Ryan Cooper’s article from the May/June issue of the Monthly about would-be “conservative reformers” continues to help spur discussion, per this long, defensive NRO post by one of that tribe, Avik Roy.
Another set of progressive critics makes the case that, because conservative reform doesn’t represent a policy break from traditional conservative thinking, that it’s just a big marketing ploy to sell the conservative brand to swing voters. “In practice it will likely be more gestural than substantive,” writes Mike Konczal. Ryan Cooper calls the reformist approach “timid . . . so far,” with an over-emphasis on “messaging” rather than policy reform.
In seeking to rebut this criticism, Roy proceeds to, well, sort of make Ryan’s case all over again:
Progressive critics have focused on the fact that conservative reformers and traditional conservatives agree on policy. But they’ve missed this important philosophical difference between the liberty- and opportunity-oriented conservatives. The reason this philosophical difference matters is because it leads not to different policies, but different policy priorities.
What this turns out to mean is that while conventional conservatives obsess about tax rates, “reformers” look more at social policy:
[F]or the black mother who can’t convince a doctor to accept her Medicaid insurance, whose children are enrolled in failing urban schools, reducing tax rates can only be a part of the solution.
For these reasons, many of the conservative reformers have invested their energies in education and health-care reform, and in the fiscal reforms that make such reform possible
That sounds semi-plausible, if you understand that Roy is already conceding the actual proposals of “reformers” on non-tax as well as tax issues are largely indistinguishable from the folks they want to “reform.”

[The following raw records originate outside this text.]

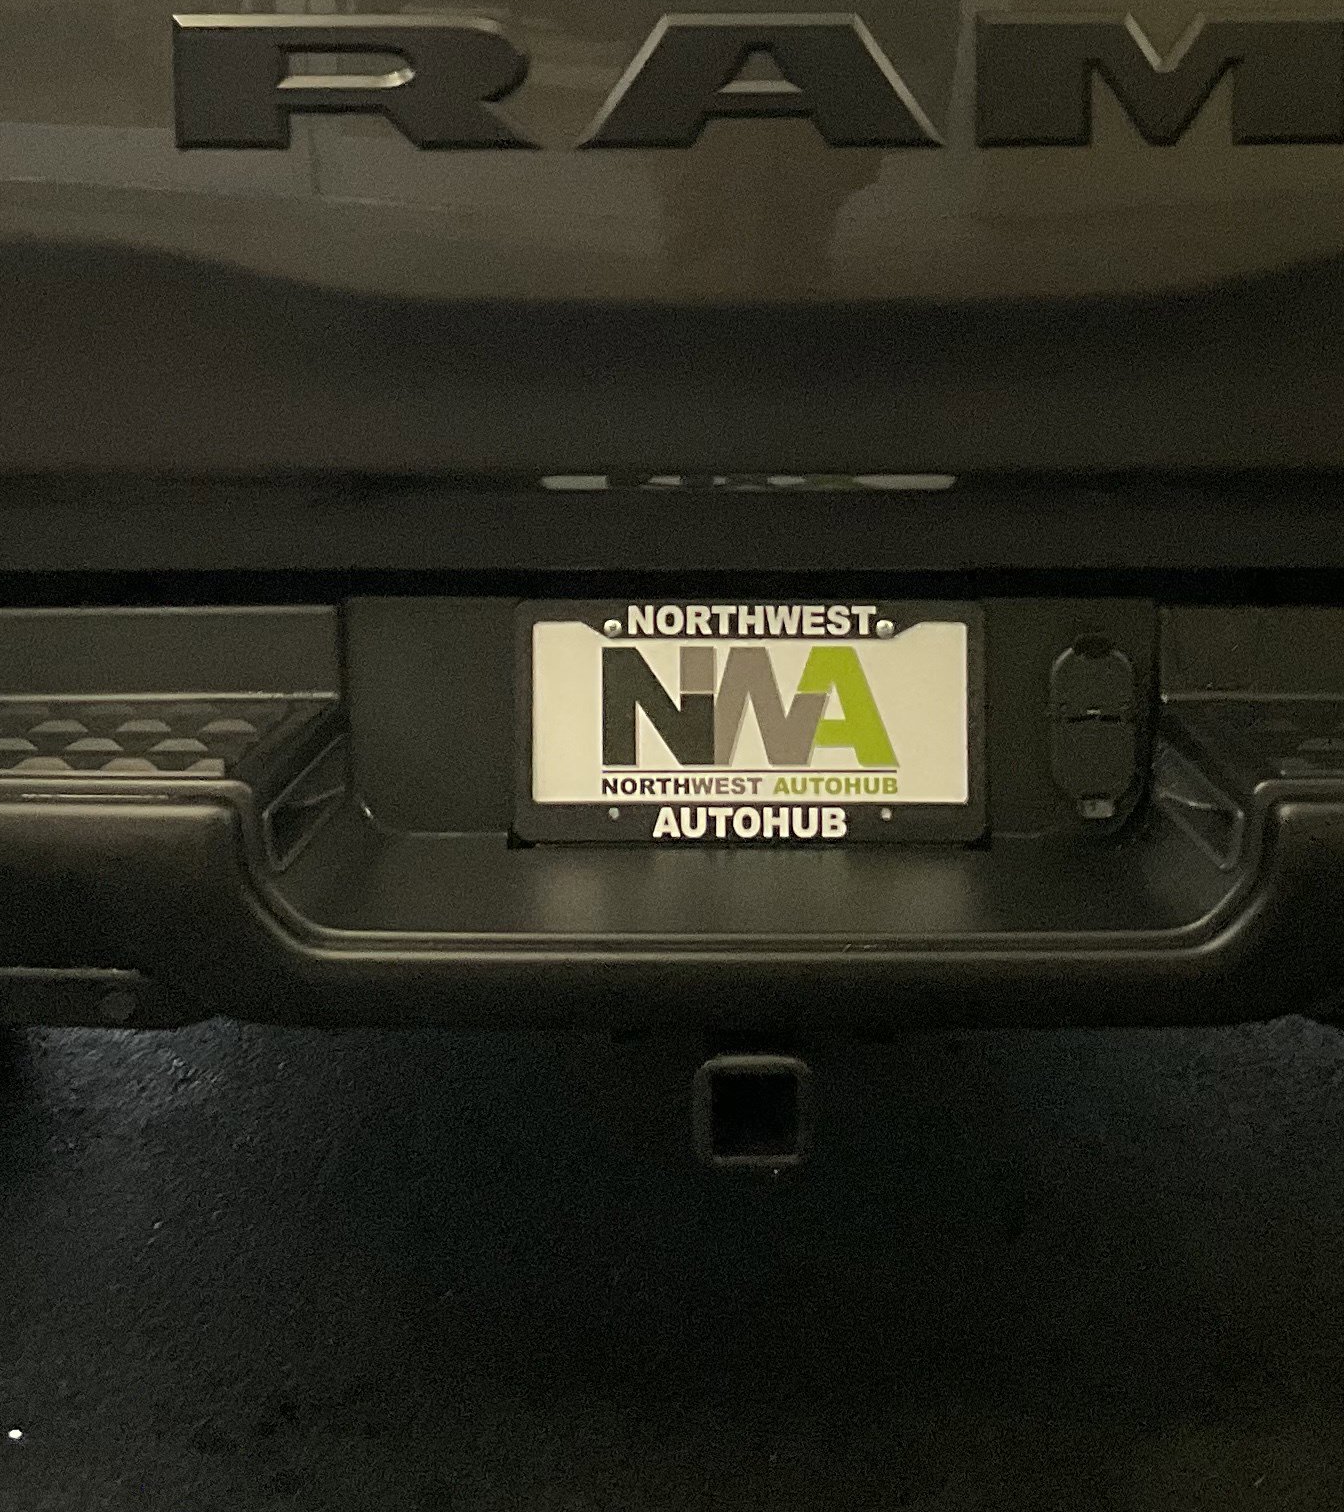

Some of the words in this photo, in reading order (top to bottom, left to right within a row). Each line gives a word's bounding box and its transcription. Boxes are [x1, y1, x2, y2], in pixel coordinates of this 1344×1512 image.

[627, 605, 877, 637] NORTHWEST
[601, 646, 899, 766] NWA
[602, 778, 762, 795] NORTHWEST
[773, 777, 898, 795] AUTOHUB
[652, 806, 847, 838] AUTOHUB
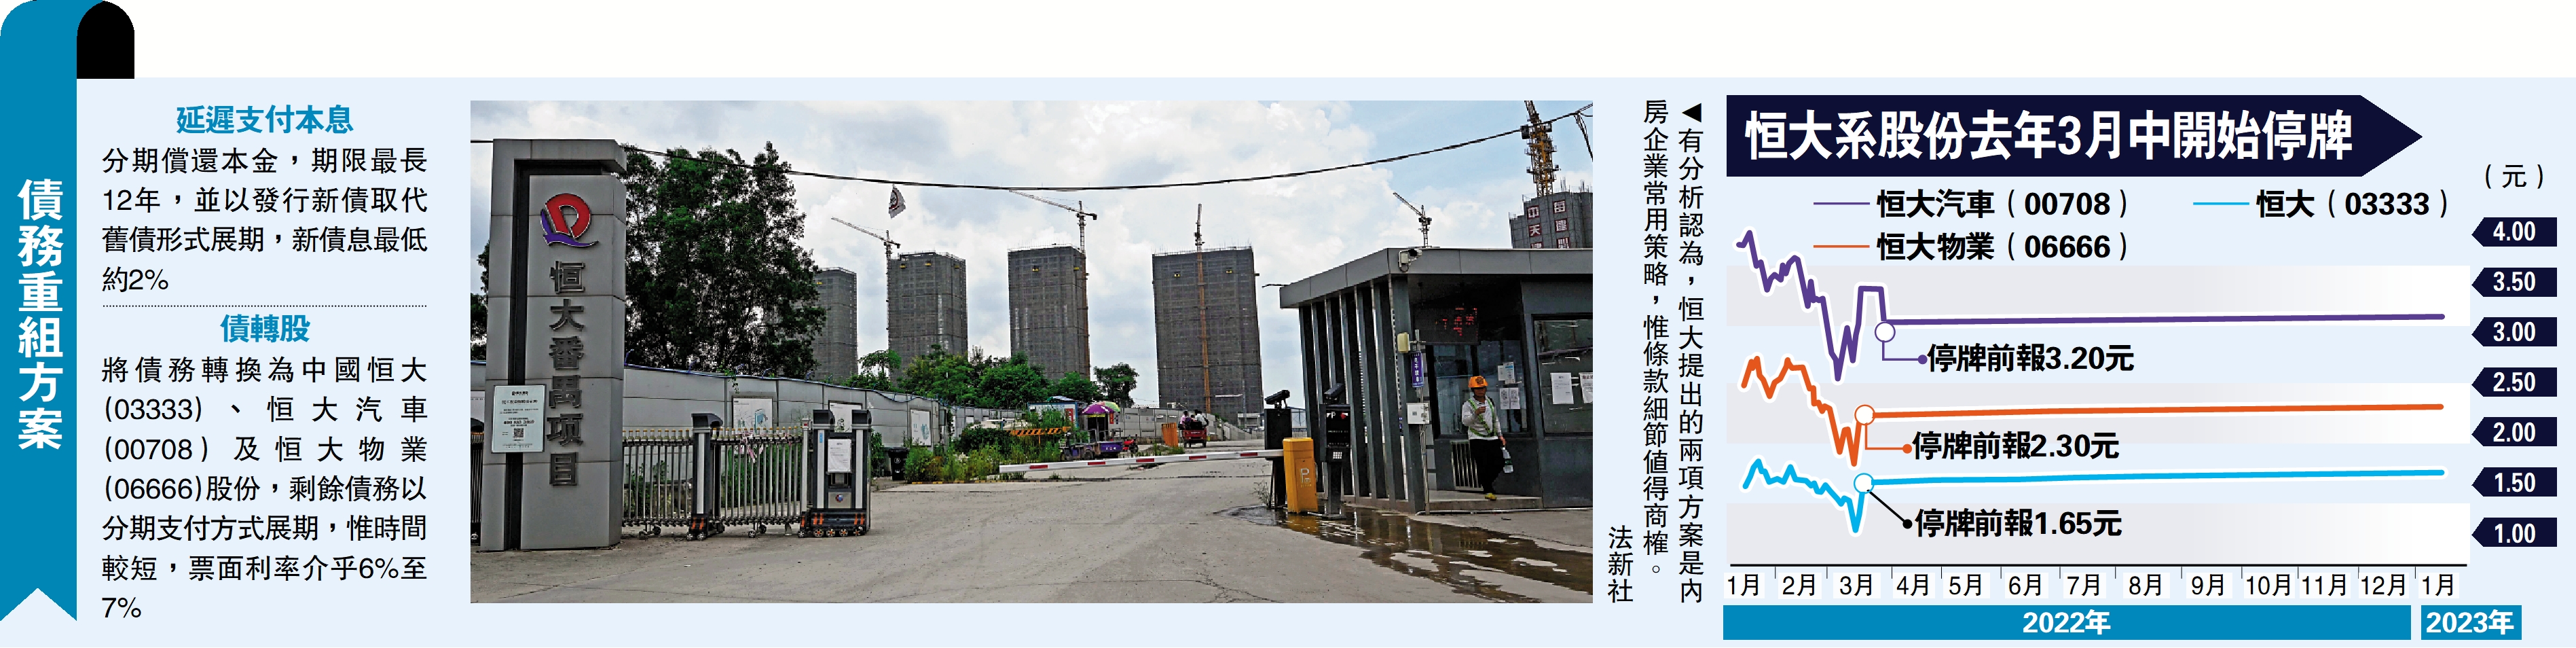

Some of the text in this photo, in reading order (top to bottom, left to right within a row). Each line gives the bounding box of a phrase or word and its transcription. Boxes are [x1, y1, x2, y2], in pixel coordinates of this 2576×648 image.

[547, 260, 585, 486] 恒大番禺项目

But in a separate take on Roy’s defense of “conservative reformers,” Ezra Klein exposes the essential emptiness of latter-day “compassionate conservative” social policy as reflected by one of its most prominent proponents:
On the Republican side, Rep. Paul Ryan (Wis.) has taken the lead in arguing that conservatives should focus on opportunity. But his approach largely consists of cuts to the safety net. The policies enshrined in his budget suggest that the poor are held back by the government spending too much money to cover the uninsured and too much money on food stamps and too much money on education and too much money on childhood nutrition and too much money on daycare.

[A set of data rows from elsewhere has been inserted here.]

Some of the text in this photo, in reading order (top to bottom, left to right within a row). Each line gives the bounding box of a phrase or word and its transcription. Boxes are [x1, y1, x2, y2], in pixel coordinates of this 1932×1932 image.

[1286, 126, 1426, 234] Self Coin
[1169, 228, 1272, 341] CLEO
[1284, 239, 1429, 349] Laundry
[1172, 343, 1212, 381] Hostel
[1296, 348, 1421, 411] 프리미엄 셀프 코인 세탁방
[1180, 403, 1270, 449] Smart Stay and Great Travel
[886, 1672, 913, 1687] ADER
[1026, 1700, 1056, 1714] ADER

This may be a bit unfair to Roy, since he appears to favor some more positive (if dubiously valuable) efforts aimed at po’ folks, like school vouchers. But Roy, like most “conservative reformers,” really protests too much: the scant differences between unreformed and reformed conservatives lead to the strong suspicion the latter are kept around mainly to provide cover for the former. The last big social policy fight among Republicans involving the poor that I can recall was back in 1999, when George W. Bush rebuked Tom DeLay and House Republicans for promoting a delay in Earned Income Tax Credit payments as a spending-reduction device. Nowadays the real novelty is finding a Republican willing to defend the existence of the EITC. So there’s a mighty low threshold for exhibiting greater compassion for the poor among conservatives, and accordingly, a very low threshold for what qualifies as “reform.”